DATA LISTING START

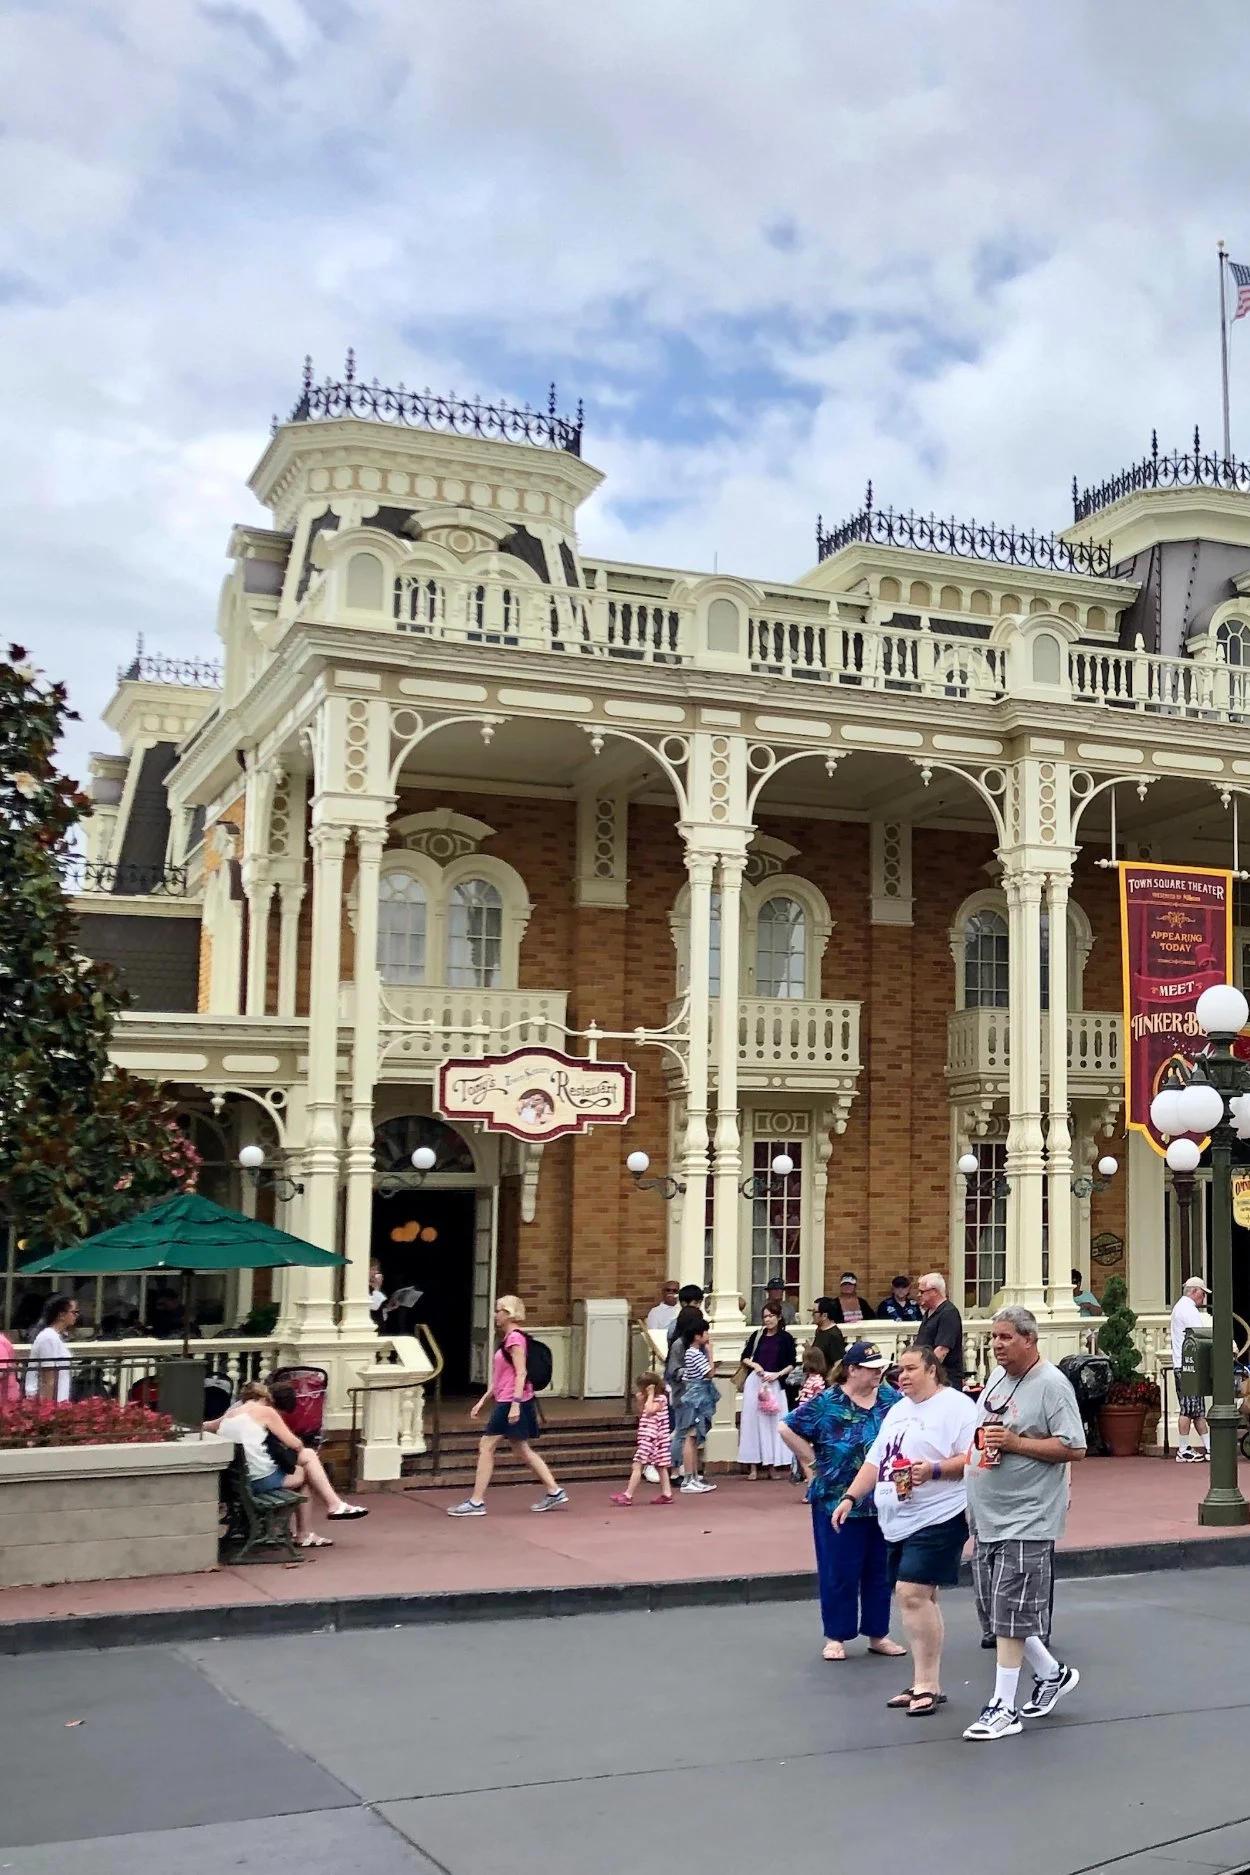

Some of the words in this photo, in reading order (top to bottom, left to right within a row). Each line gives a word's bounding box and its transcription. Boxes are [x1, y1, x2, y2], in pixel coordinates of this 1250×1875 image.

[1128, 879, 1153, 893] TOWN
[1153, 879, 1186, 890] SQUARE
[1187, 881, 1224, 900] THEATER
[1151, 931, 1203, 943] APPEARING
[1160, 943, 1191, 953] TODAY
[1159, 981, 1195, 997] MEET
[1131, 1012, 1184, 1042] TINKER
[453, 1073, 508, 1105] Tony's
[550, 1070, 618, 1109] Restaurant

DATA LISTING END

EXERCISE DIRECTIONS: The records above should be written out in full and unchanged, except that pictures are dropped.

RESULT BELOW:
Some of the words in this photo, in reading order (top to bottom, left to right within a row). Each line gives a word's bounding box and its transcription. Boxes are [x1, y1, x2, y2], in pixel coordinates of this 1250×1875 image.

[1128, 879, 1153, 893] TOWN
[1153, 879, 1186, 890] SQUARE
[1187, 881, 1224, 900] THEATER
[1151, 931, 1203, 943] APPEARING
[1160, 943, 1191, 953] TODAY
[1159, 981, 1195, 997] MEET
[1131, 1012, 1184, 1042] TINKER
[453, 1073, 508, 1105] Tony's
[550, 1070, 618, 1109] Restaurant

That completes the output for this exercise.